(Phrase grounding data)
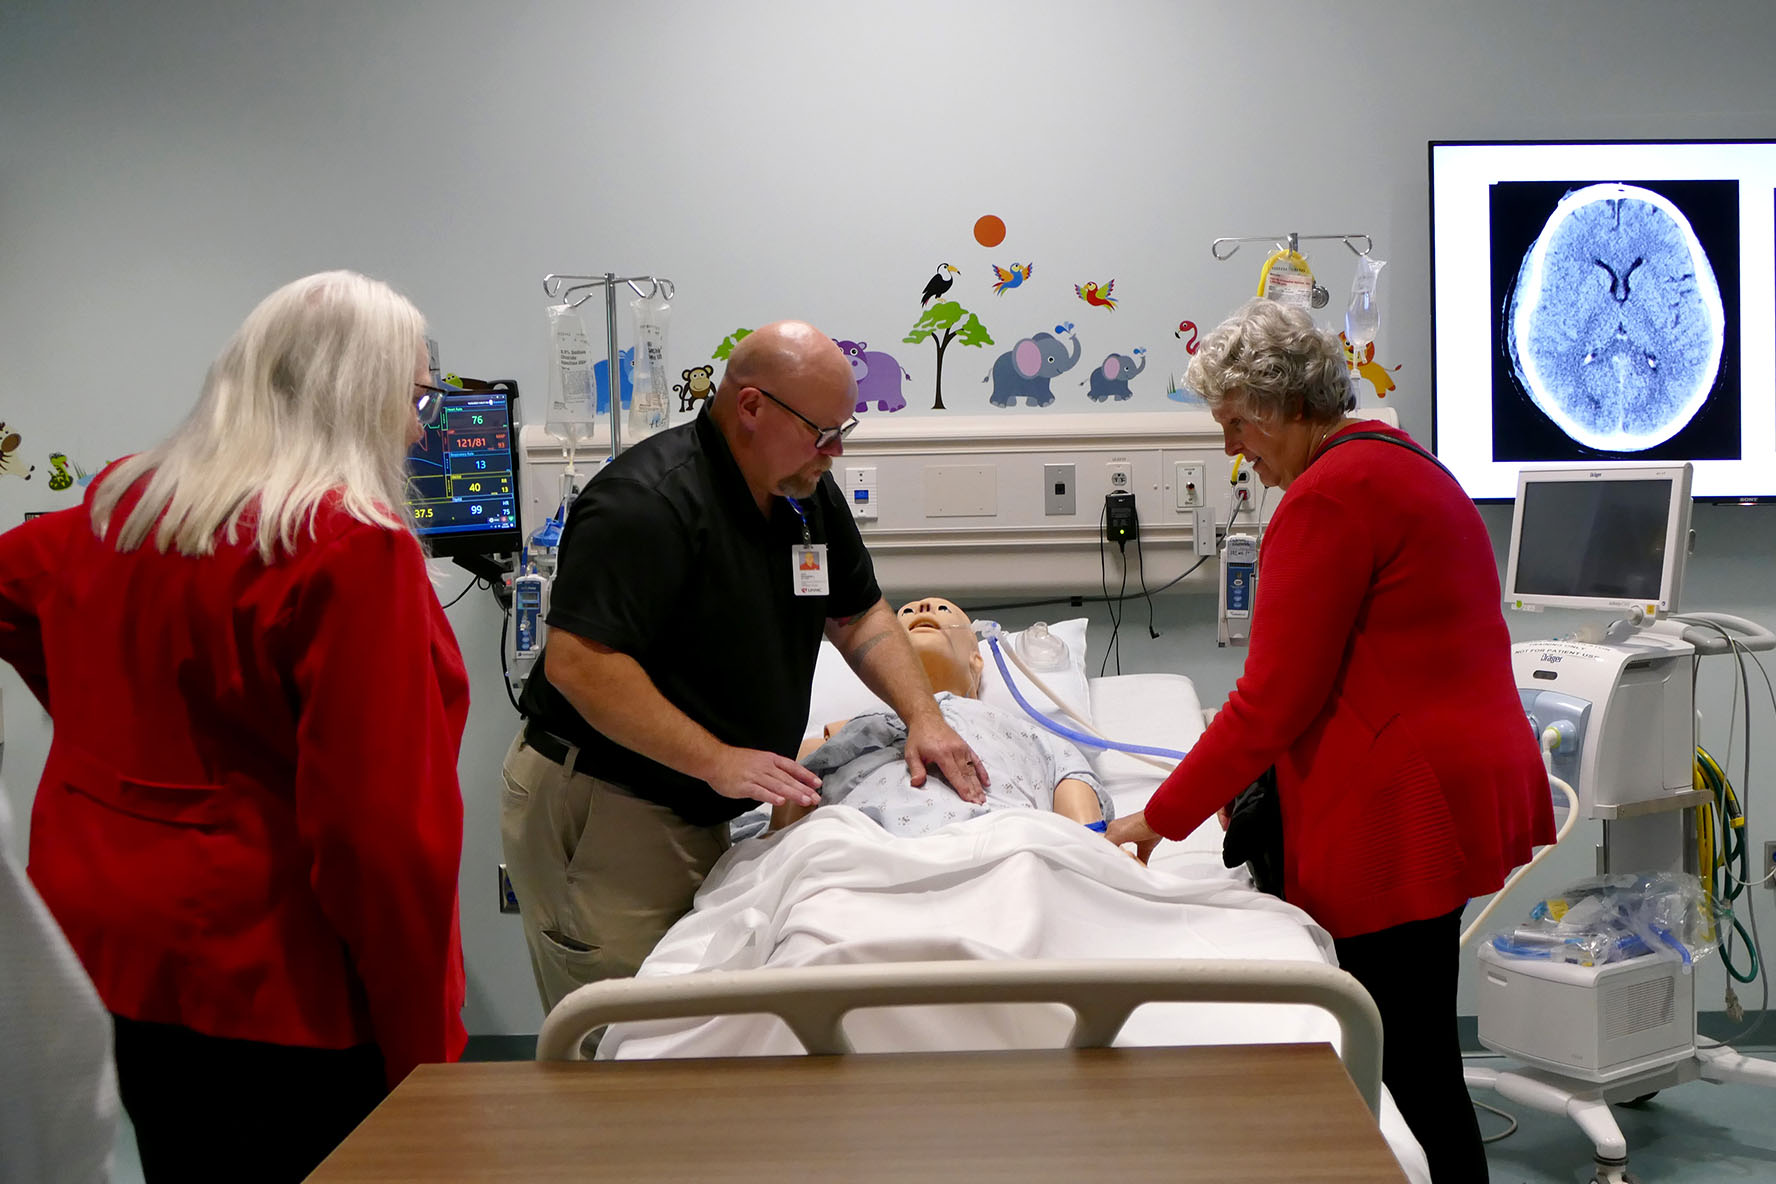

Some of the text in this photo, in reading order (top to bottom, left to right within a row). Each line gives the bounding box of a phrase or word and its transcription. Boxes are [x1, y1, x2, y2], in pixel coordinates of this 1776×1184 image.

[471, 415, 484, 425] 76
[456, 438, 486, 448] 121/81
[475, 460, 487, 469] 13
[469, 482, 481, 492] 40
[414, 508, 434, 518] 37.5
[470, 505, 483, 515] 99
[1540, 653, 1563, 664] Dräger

- DESCRIPTION OF THE TASK -
Extract the entries in full, exactly as they are, minus the pictures.

- YOUR SOLUTION -
Some of the text in this photo, in reading order (top to bottom, left to right within a row). Each line gives the bounding box of a phrase or word and its transcription. Boxes are [x1, y1, x2, y2], in pixel coordinates of this 1776×1184 image.

[471, 415, 484, 425] 76
[456, 438, 486, 448] 121/81
[475, 460, 487, 469] 13
[469, 482, 481, 492] 40
[414, 508, 434, 518] 37.5
[470, 505, 483, 515] 99
[1540, 653, 1563, 664] Dräger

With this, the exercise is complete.